-- EXTRACTED RECORDS follows --
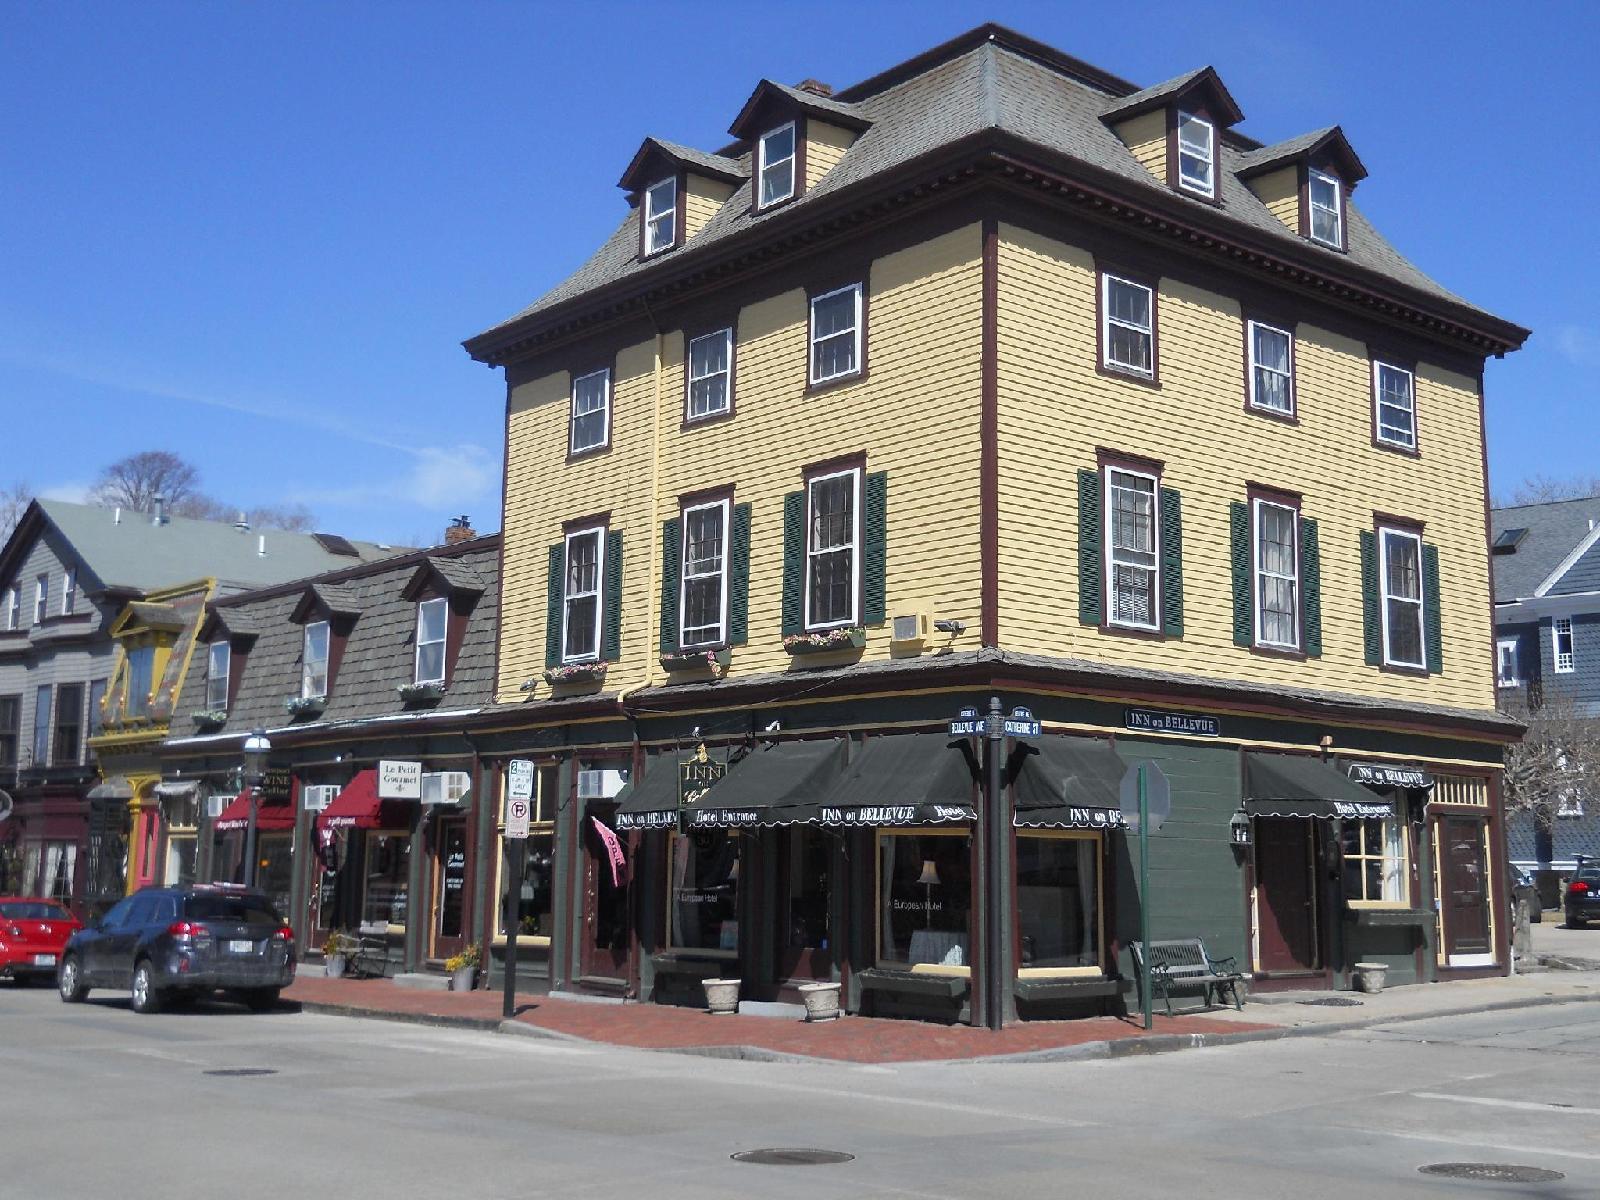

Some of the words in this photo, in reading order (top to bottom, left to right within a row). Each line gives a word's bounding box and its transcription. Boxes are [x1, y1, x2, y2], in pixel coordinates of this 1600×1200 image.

[1005, 721, 1030, 734] CATHERINE
[1131, 713, 1150, 726] INN
[1152, 719, 1164, 727] on
[1165, 716, 1214, 732] BELLEVUE
[386, 765, 395, 773] Le
[398, 765, 416, 773] Petit
[685, 765, 722, 780] INN
[384, 775, 416, 784] Gourmet
[616, 813, 634, 825] INN
[696, 809, 718, 822] Hotel
[722, 808, 758, 821] Entrance
[823, 808, 842, 820] INN
[846, 811, 856, 821] on
[859, 806, 915, 821] BELLEVUE
[1070, 808, 1090, 821] INN
[1094, 812, 1106, 822] on
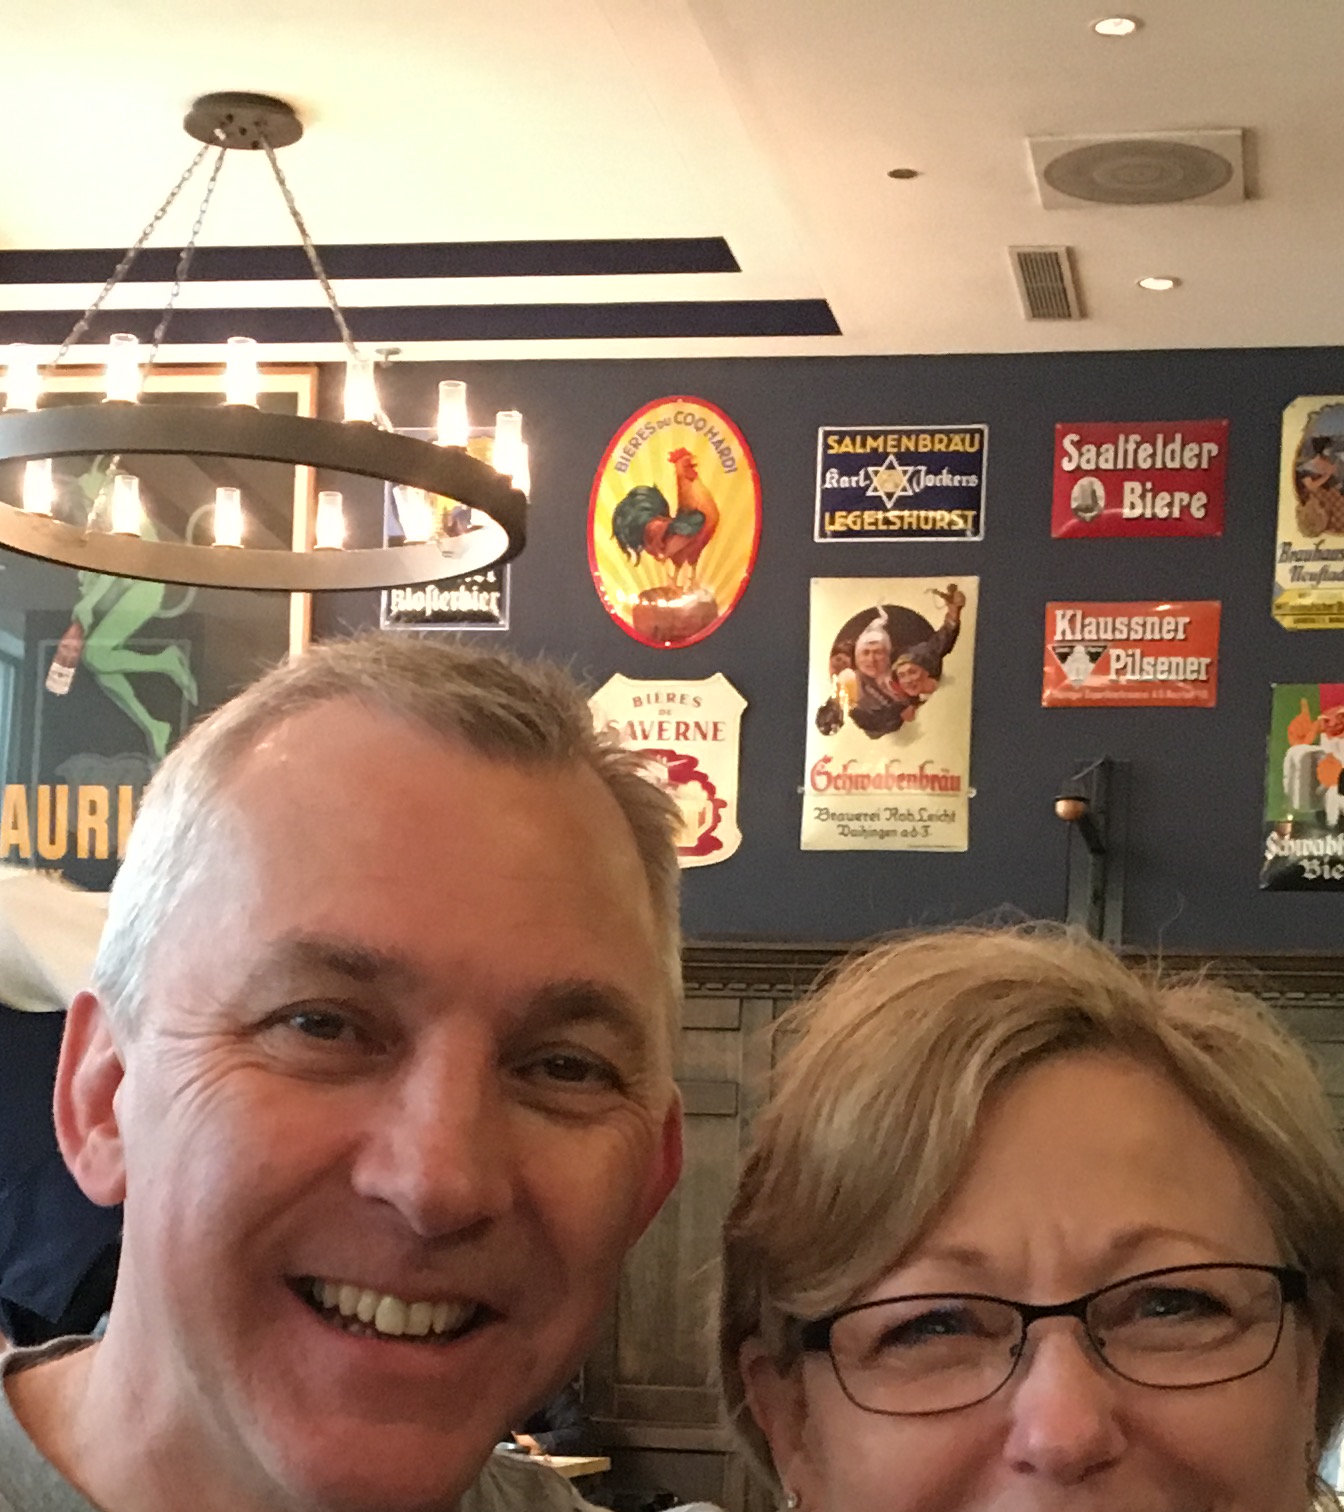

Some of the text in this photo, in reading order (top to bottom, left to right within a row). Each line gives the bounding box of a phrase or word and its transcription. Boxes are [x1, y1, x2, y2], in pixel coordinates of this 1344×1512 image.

[656, 417, 672, 430] DU
[673, 410, 707, 432] COQ
[704, 425, 738, 474] HARDI
[827, 432, 981, 454] SALMENBRÄU
[1061, 432, 1219, 472] Saalfelder
[822, 465, 979, 494] Karl Jockers
[1122, 481, 1208, 519] Biere
[824, 510, 977, 531] LEGELSHURST
[1054, 609, 1190, 641] Klaussner
[1109, 648, 1213, 681] Pilsener
[810, 754, 961, 792] Schwabenbräu
[814, 807, 881, 823] Brauerei
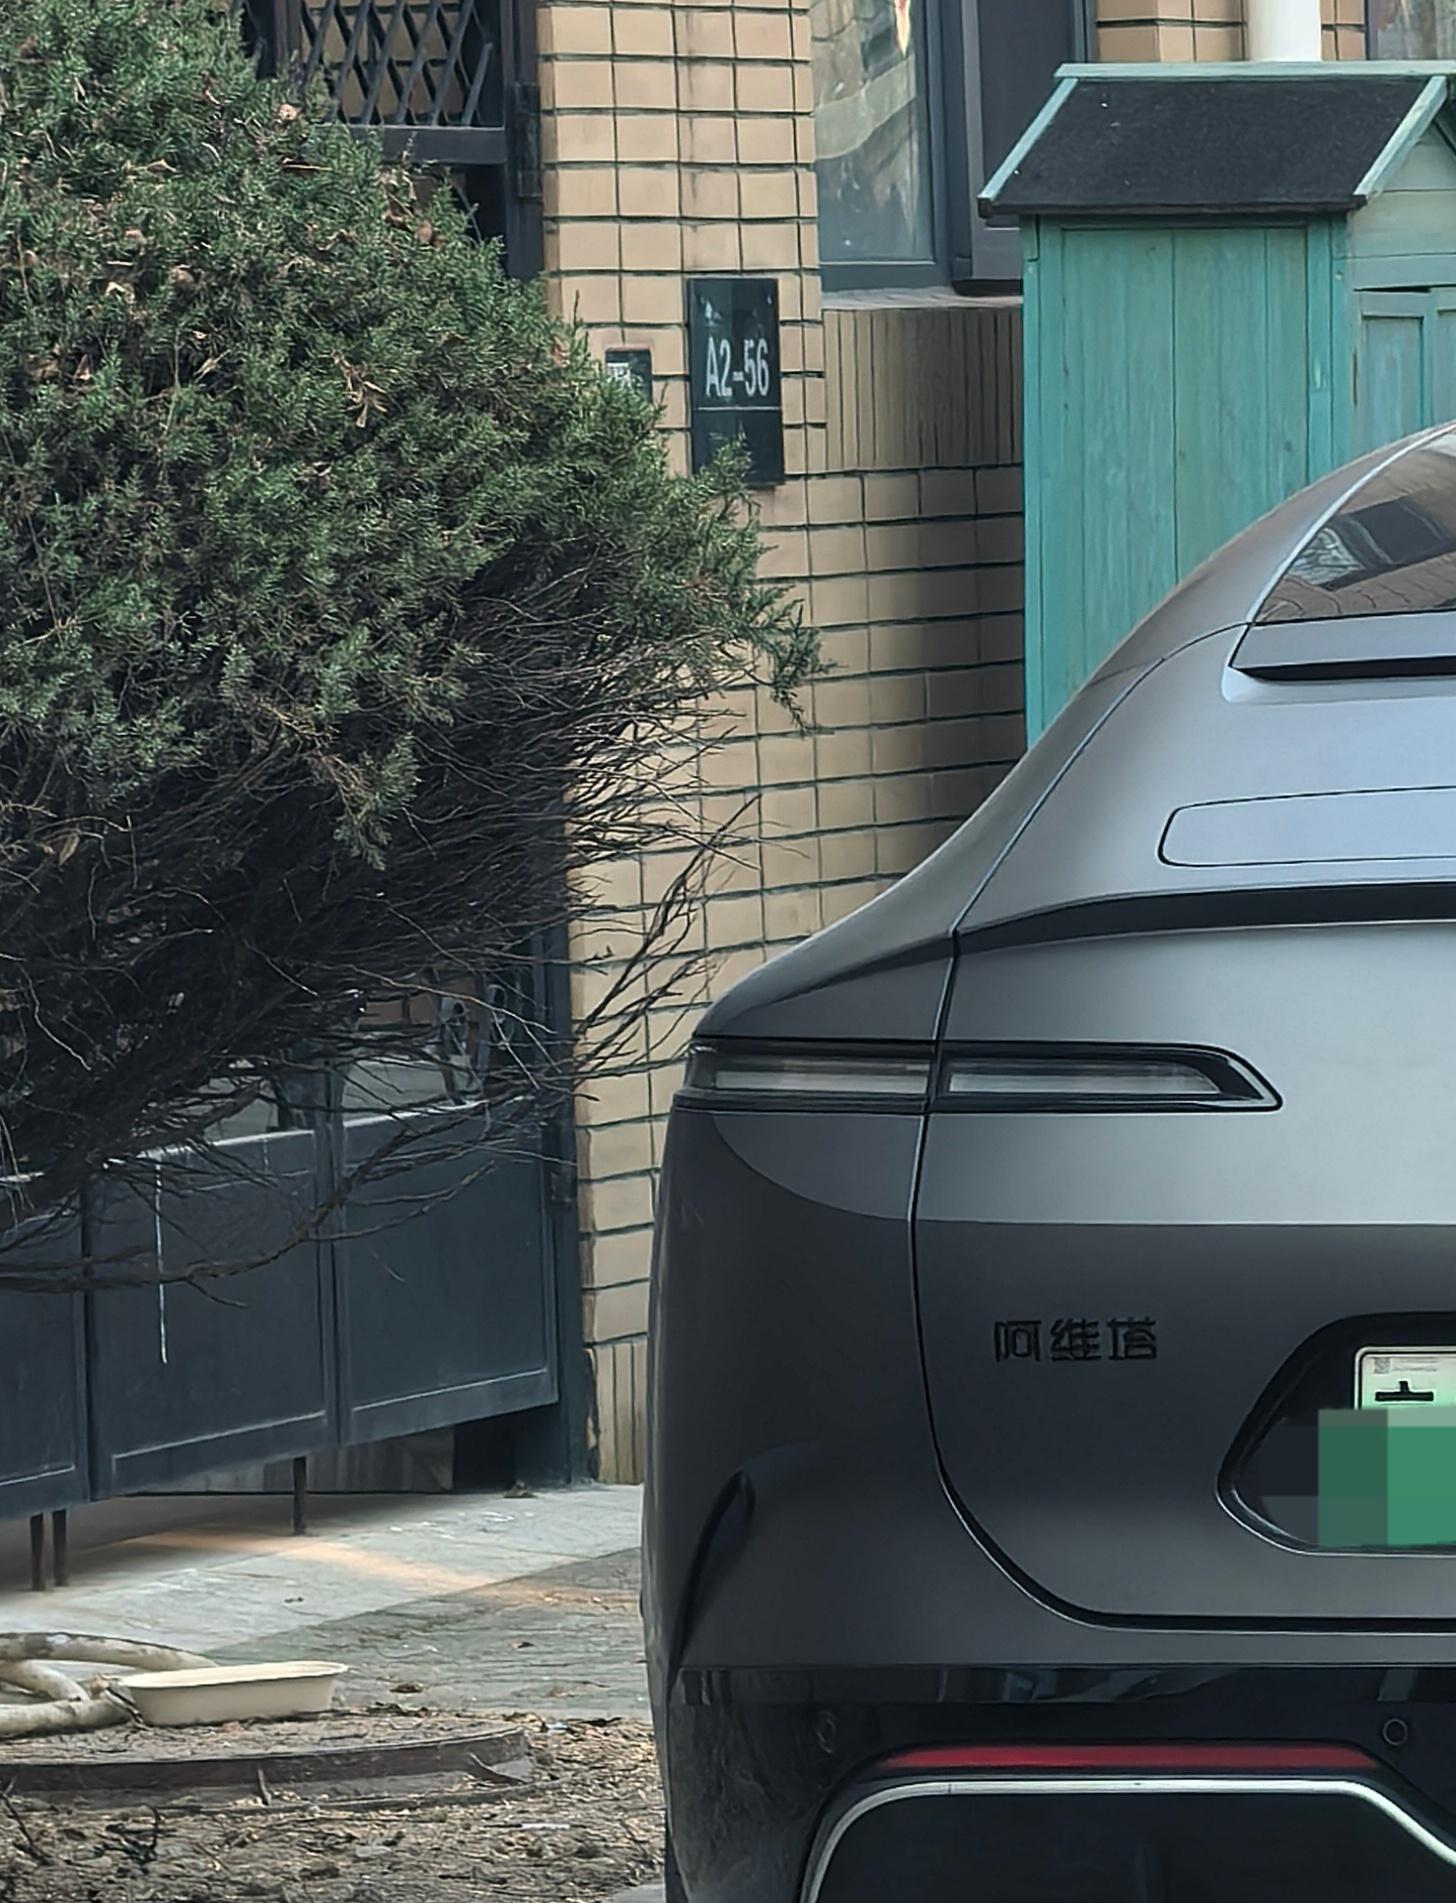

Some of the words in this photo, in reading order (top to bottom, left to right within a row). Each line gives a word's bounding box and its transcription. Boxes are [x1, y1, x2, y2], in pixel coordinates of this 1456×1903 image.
-- EXTRACTED RECORDS concluded --
TASK DETAILS:
Omit all pictures and repeat the rest of the records verbatim.

SOLUTION FOR THIS TASK:
Some of the words in this photo, in reading order (top to bottom, left to right within a row). Each line gives a word's bounding box and its transcription. Boxes are [x1, y1, x2, y2], in pixel coordinates of this 1600×1200 image.

[1005, 721, 1030, 734] CATHERINE
[1131, 713, 1150, 726] INN
[1152, 719, 1164, 727] on
[1165, 716, 1214, 732] BELLEVUE
[386, 765, 395, 773] Le
[398, 765, 416, 773] Petit
[685, 765, 722, 780] INN
[384, 775, 416, 784] Gourmet
[616, 813, 634, 825] INN
[696, 809, 718, 822] Hotel
[722, 808, 758, 821] Entrance
[823, 808, 842, 820] INN
[846, 811, 856, 821] on
[859, 806, 915, 821] BELLEVUE
[1070, 808, 1090, 821] INN
[1094, 812, 1106, 822] on

Some of the text in this photo, in reading order (top to bottom, left to right within a row). Each line gives the bounding box of a phrase or word and its transcription. Boxes are [x1, y1, x2, y2], in pixel coordinates of this 1344×1512 image.

[656, 417, 672, 430] DU
[673, 410, 707, 432] COQ
[704, 425, 738, 474] HARDI
[827, 432, 981, 454] SALMENBRÄU
[1061, 432, 1219, 472] Saalfelder
[822, 465, 979, 494] Karl Jockers
[1122, 481, 1208, 519] Biere
[824, 510, 977, 531] LEGELSHURST
[1054, 609, 1190, 641] Klaussner
[1109, 648, 1213, 681] Pilsener
[810, 754, 961, 792] Schwabenbräu
[814, 807, 881, 823] Brauerei

Some of the words in this photo, in reading order (top to bottom, left to right within a row). Each line gives a word's bounding box and its transcription. Boxes are [x1, y1, x2, y2], in pixel coordinates of this 1456×1903 image.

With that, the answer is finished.